▶ _About this exercise_
Produce a word-for-word copy of the line that contains "this 2048×1536 image." and each line after it through the end of the material, omitting pictures and all other lines.

▶ _Data_

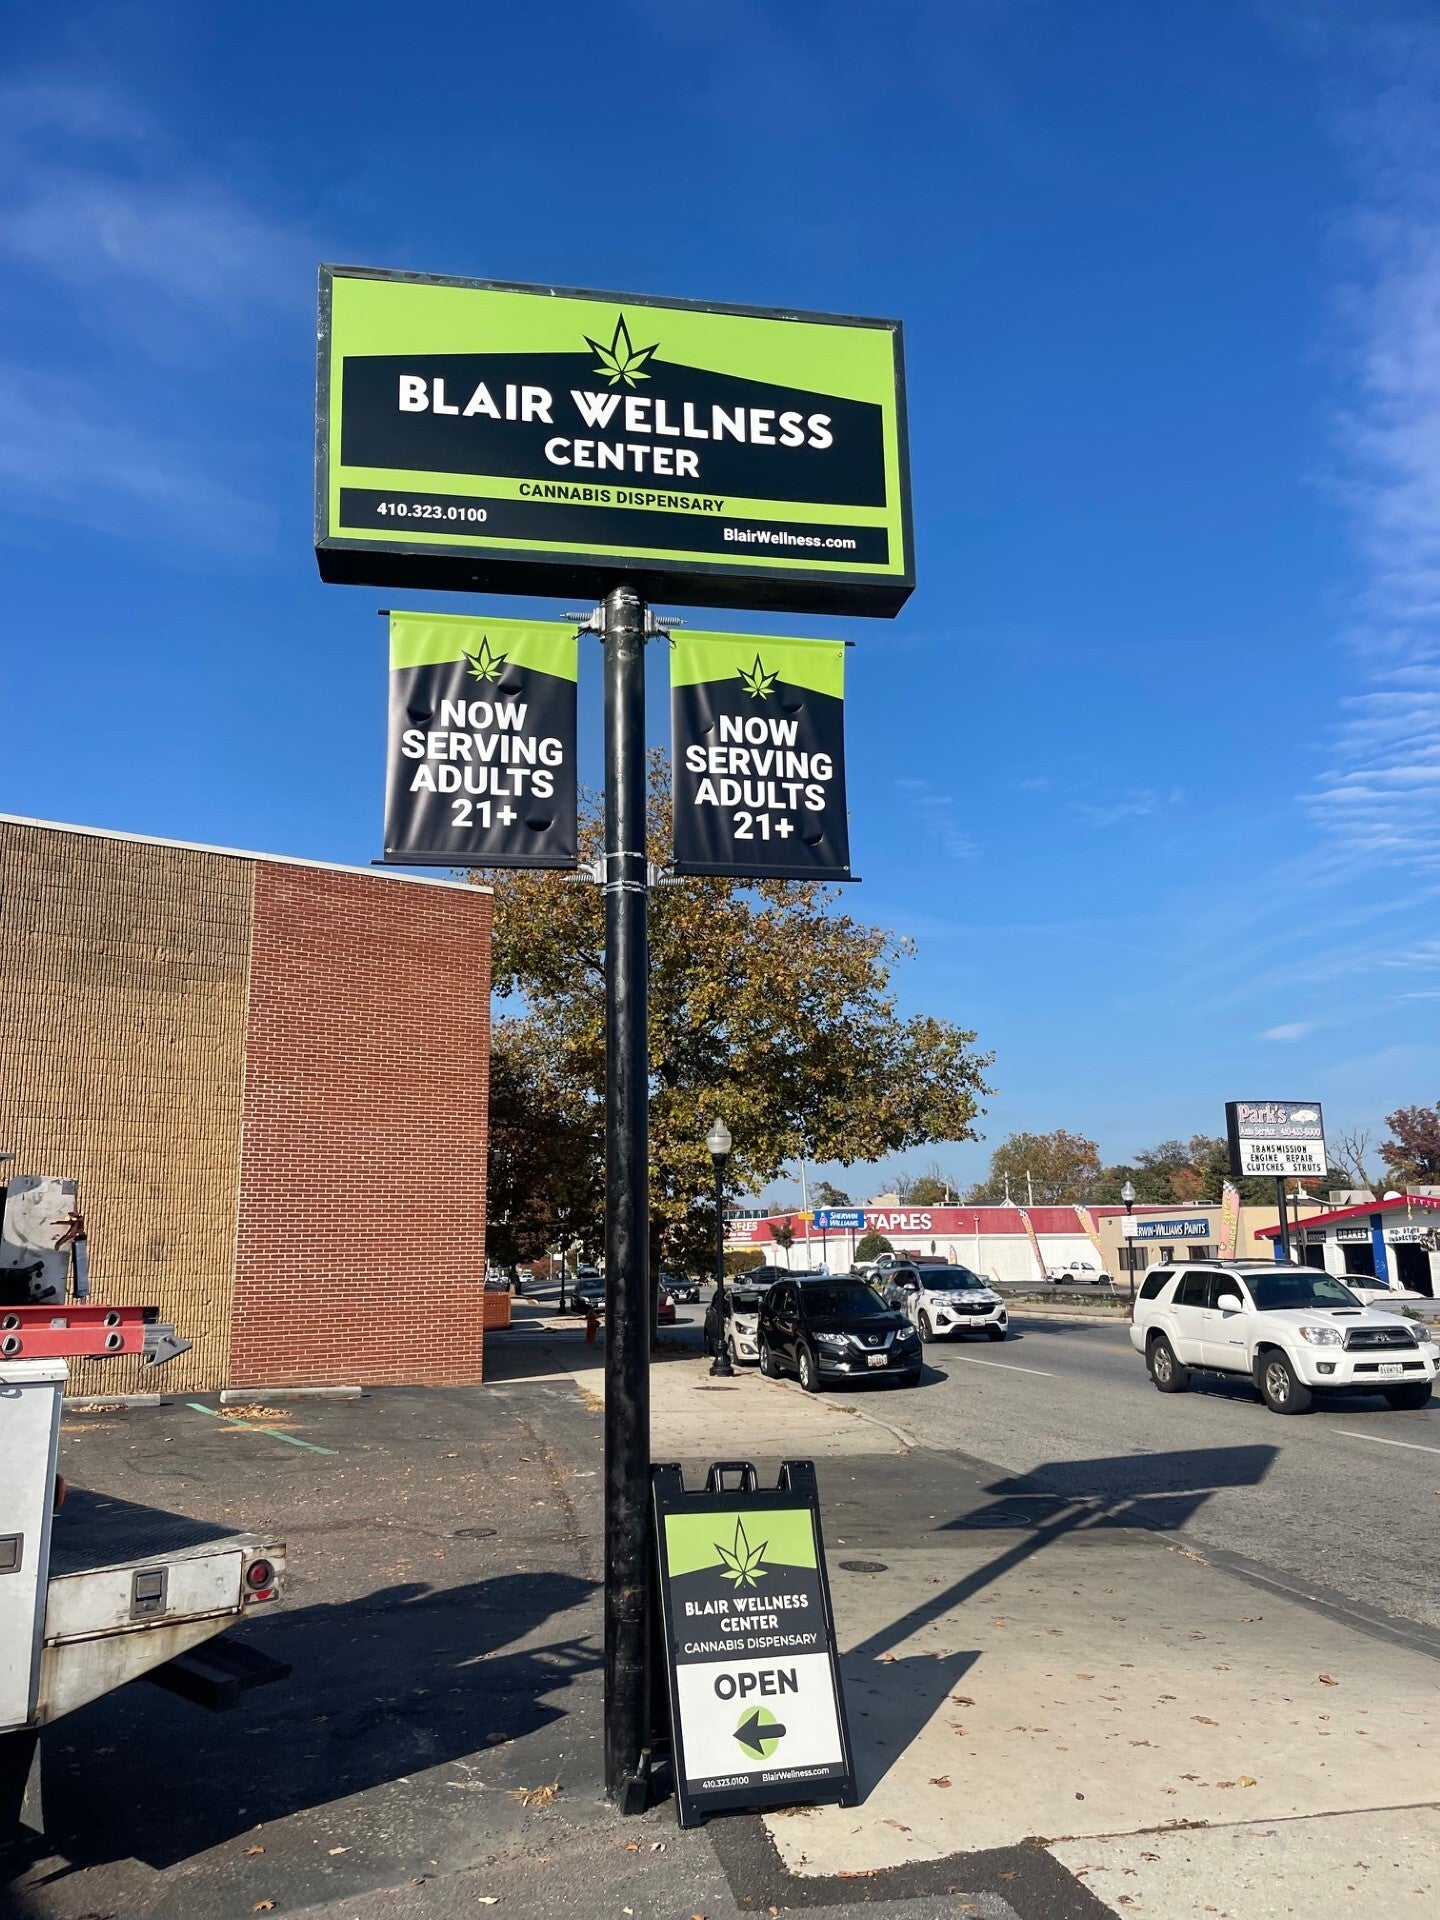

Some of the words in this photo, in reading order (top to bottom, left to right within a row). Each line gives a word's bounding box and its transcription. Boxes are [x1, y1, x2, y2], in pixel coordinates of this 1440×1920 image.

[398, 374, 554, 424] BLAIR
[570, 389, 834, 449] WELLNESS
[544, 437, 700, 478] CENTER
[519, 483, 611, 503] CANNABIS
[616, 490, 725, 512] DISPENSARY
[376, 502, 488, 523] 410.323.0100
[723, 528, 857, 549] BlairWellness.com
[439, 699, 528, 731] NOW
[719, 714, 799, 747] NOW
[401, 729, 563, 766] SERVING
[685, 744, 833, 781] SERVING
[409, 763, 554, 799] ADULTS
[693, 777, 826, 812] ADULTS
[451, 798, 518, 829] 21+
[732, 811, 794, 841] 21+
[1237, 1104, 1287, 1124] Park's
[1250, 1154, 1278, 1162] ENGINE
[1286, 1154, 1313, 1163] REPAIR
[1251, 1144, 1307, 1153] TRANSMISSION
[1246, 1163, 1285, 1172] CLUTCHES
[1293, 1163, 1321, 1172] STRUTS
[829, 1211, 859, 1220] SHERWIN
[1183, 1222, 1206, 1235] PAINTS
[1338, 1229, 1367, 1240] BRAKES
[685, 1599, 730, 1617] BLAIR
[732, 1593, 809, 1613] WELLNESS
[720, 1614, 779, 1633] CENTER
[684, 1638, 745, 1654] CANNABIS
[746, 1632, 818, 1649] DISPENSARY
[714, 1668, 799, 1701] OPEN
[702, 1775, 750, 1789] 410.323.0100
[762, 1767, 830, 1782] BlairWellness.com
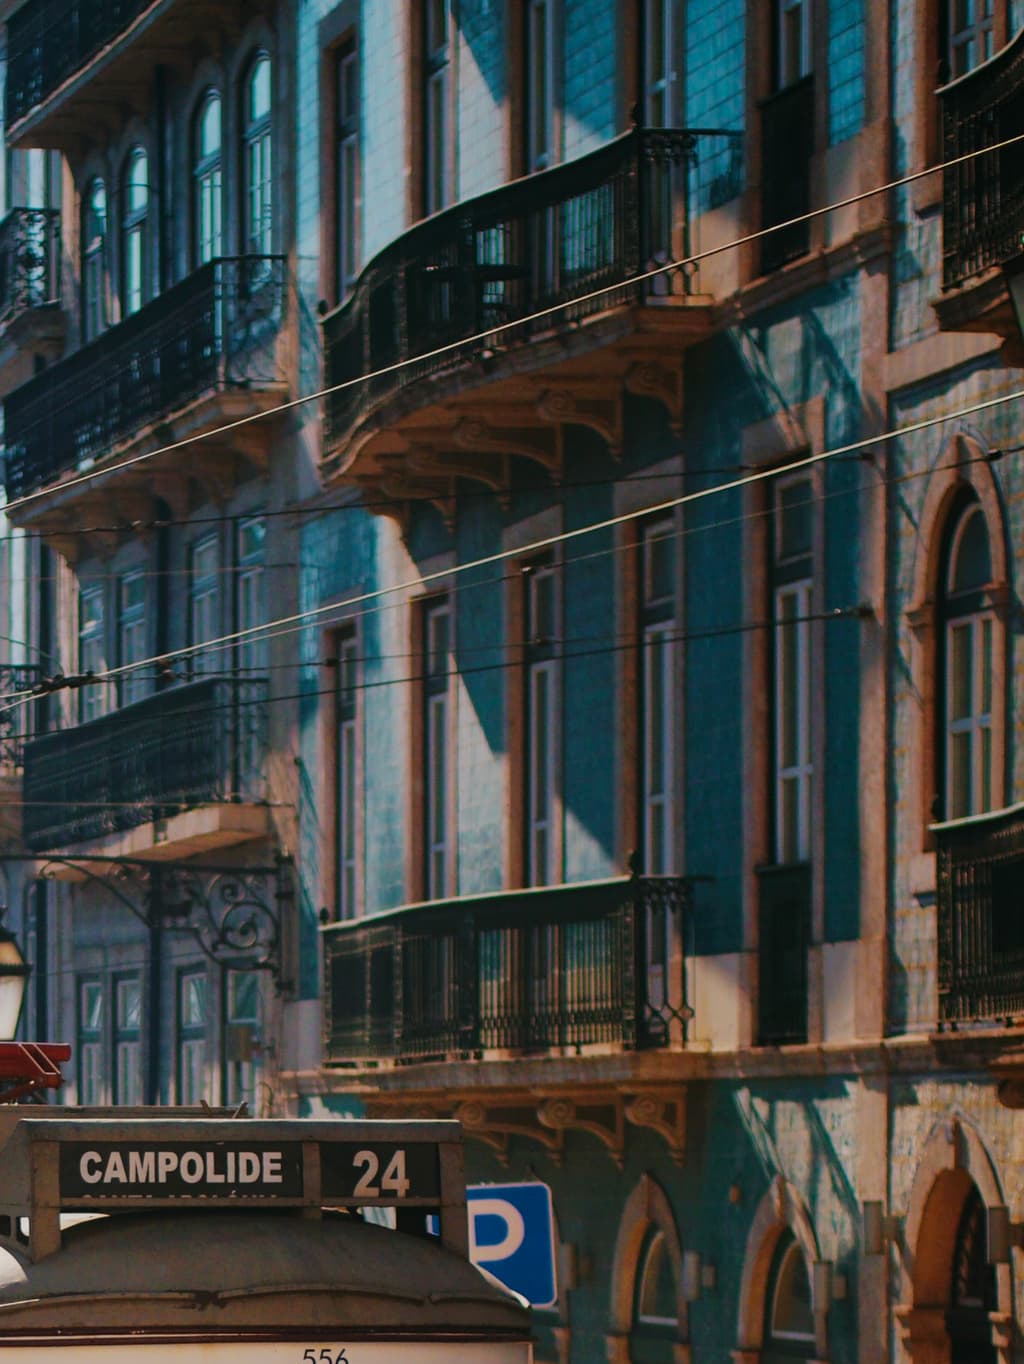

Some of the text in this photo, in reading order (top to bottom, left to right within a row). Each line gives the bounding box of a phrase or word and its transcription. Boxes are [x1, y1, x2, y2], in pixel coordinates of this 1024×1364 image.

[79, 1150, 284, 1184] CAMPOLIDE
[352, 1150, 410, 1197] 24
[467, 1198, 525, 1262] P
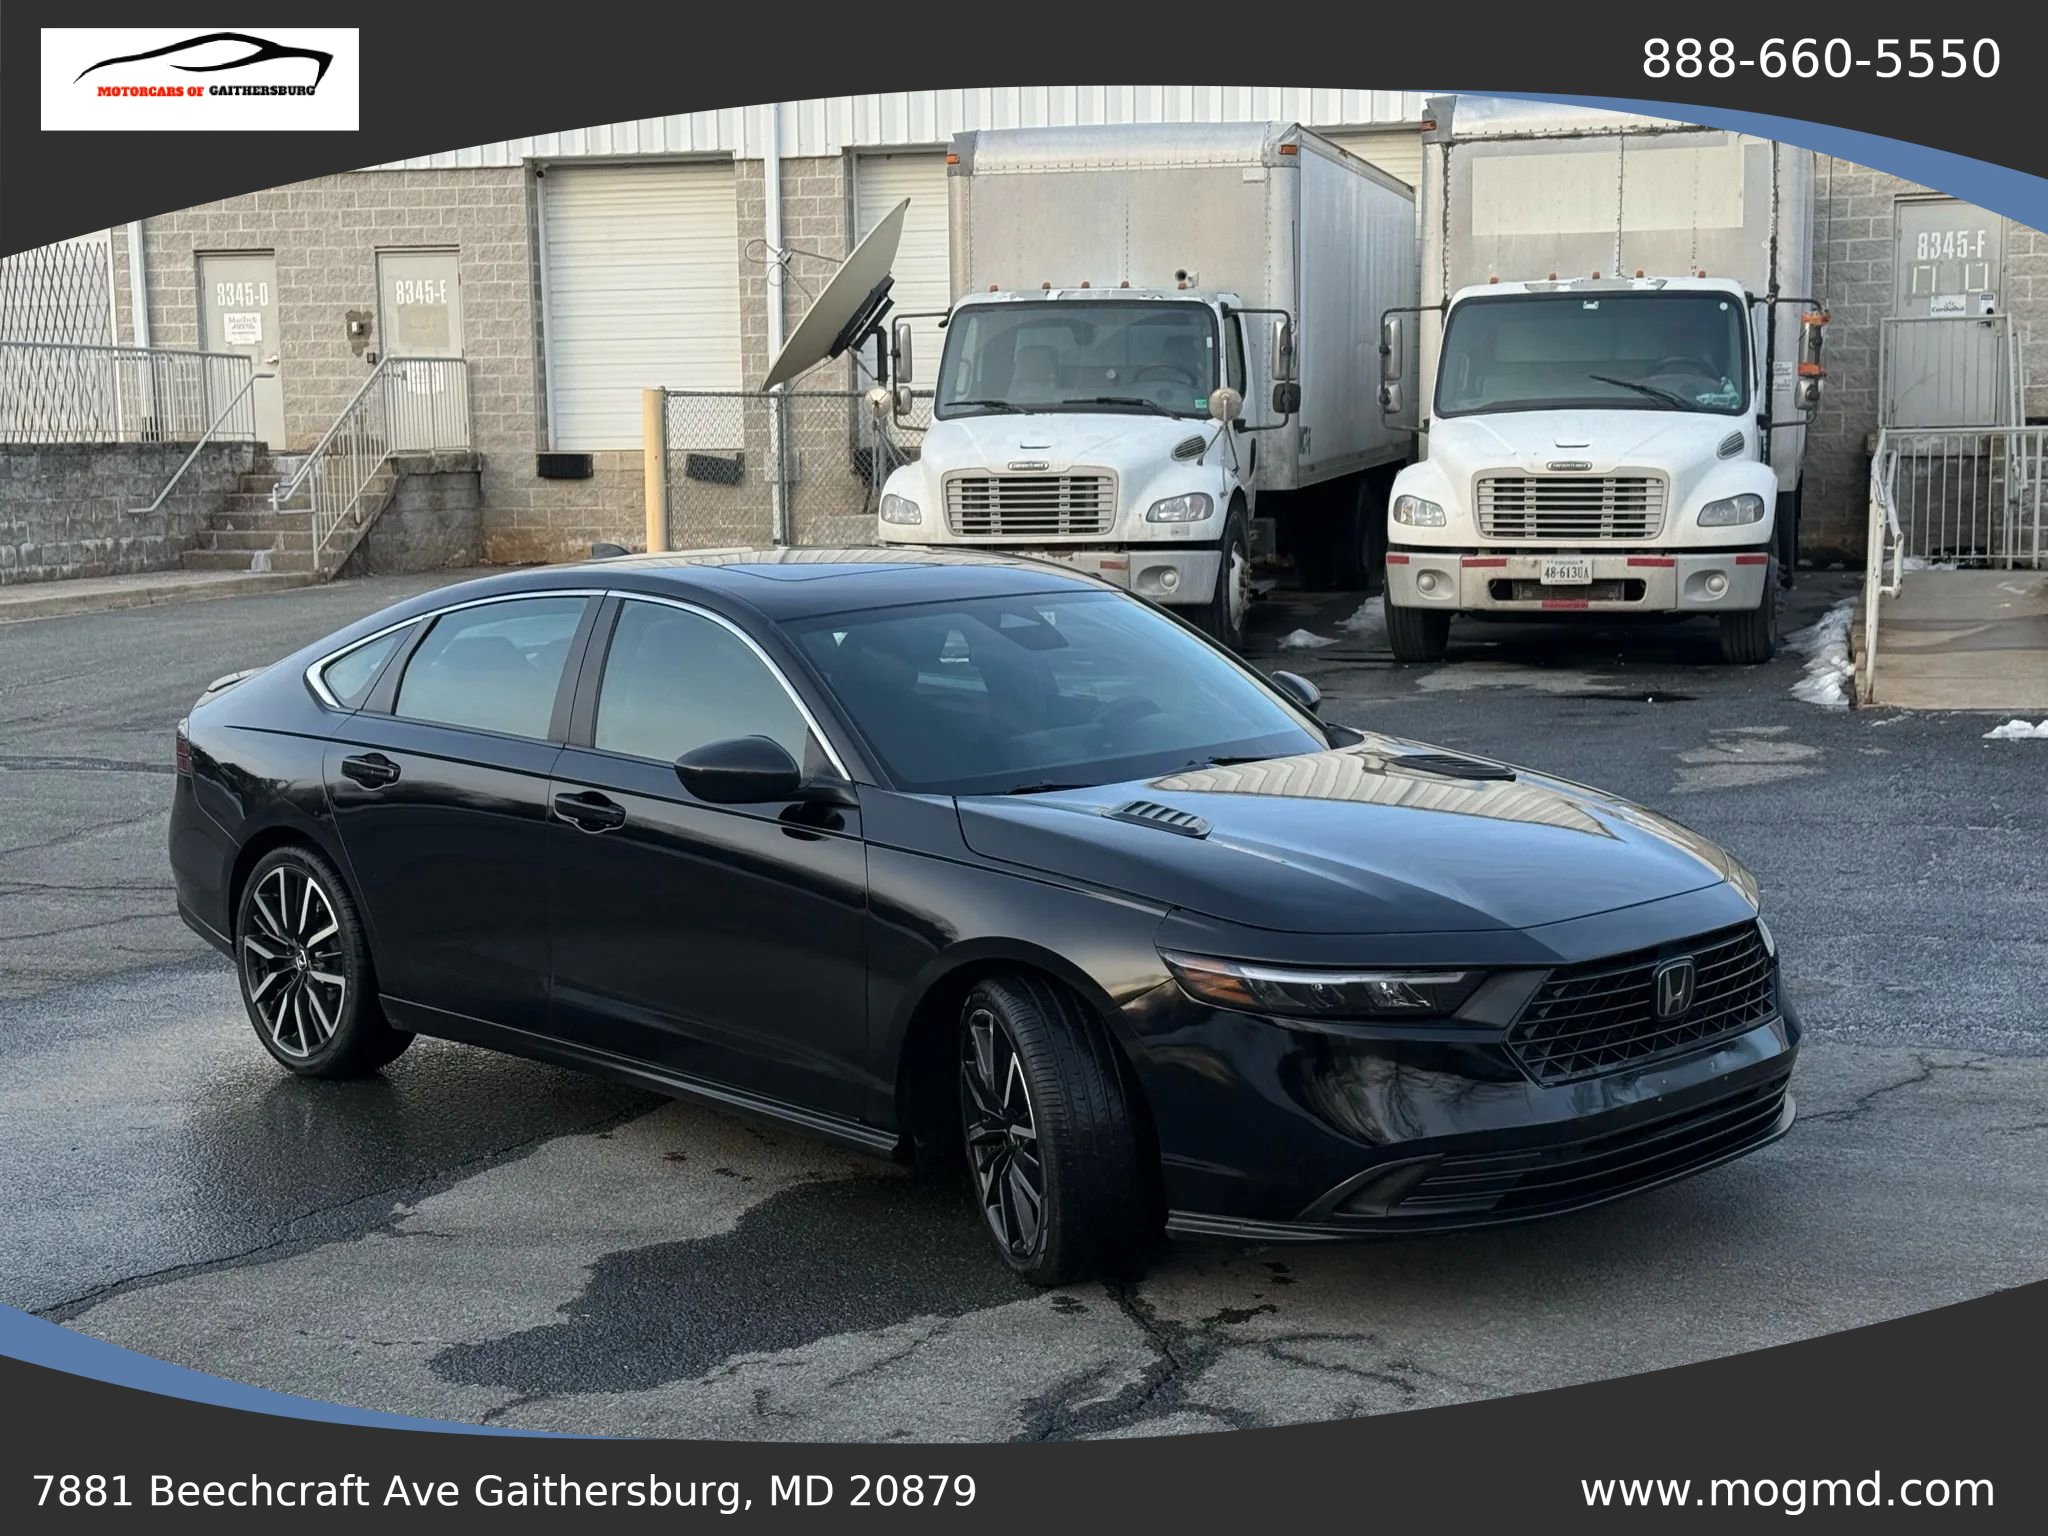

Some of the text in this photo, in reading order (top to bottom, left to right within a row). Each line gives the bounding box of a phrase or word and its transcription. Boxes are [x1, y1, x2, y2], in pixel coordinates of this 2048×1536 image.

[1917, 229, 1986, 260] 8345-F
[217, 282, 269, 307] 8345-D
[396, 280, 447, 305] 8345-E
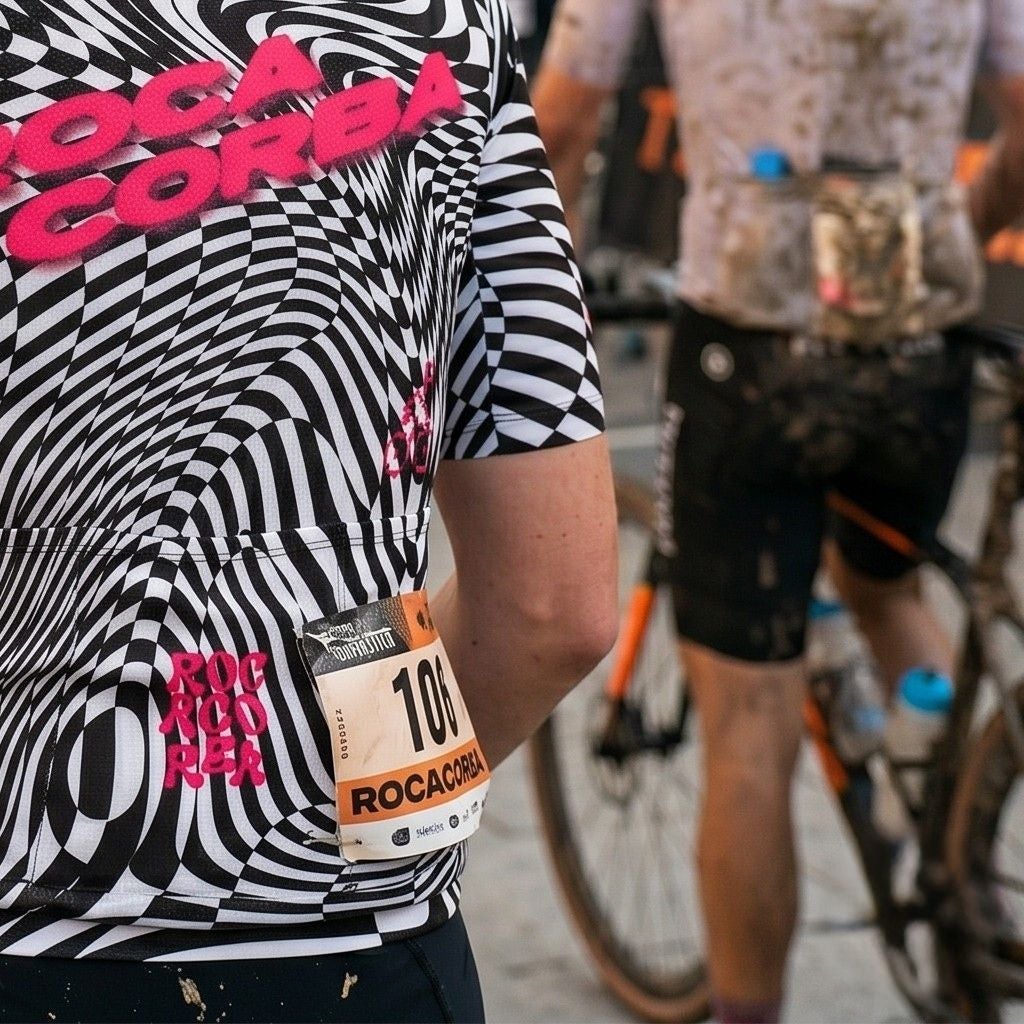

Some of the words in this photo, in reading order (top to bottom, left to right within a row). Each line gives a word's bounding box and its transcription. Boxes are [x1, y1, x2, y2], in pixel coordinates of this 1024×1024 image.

▶ _Exercise output_
Some of the text in this photo, in reading order (top to bottom, left to right within a row). Each line gives the bounding box of a phrase or word and its transcription. Boxes are [x1, y1, x2, y2], in pixel coordinates of this 2048×1536 image.

[1917, 229, 1986, 260] 8345-F
[217, 282, 269, 307] 8345-D
[396, 280, 447, 305] 8345-E

Some of the words in this photo, in reading order (top to bottom, left to right within a row). Each line gives a word's bounding box and its transcription. Boxes are [x1, y1, x2, y2], in pixel coordinates of this 1024×1024 image.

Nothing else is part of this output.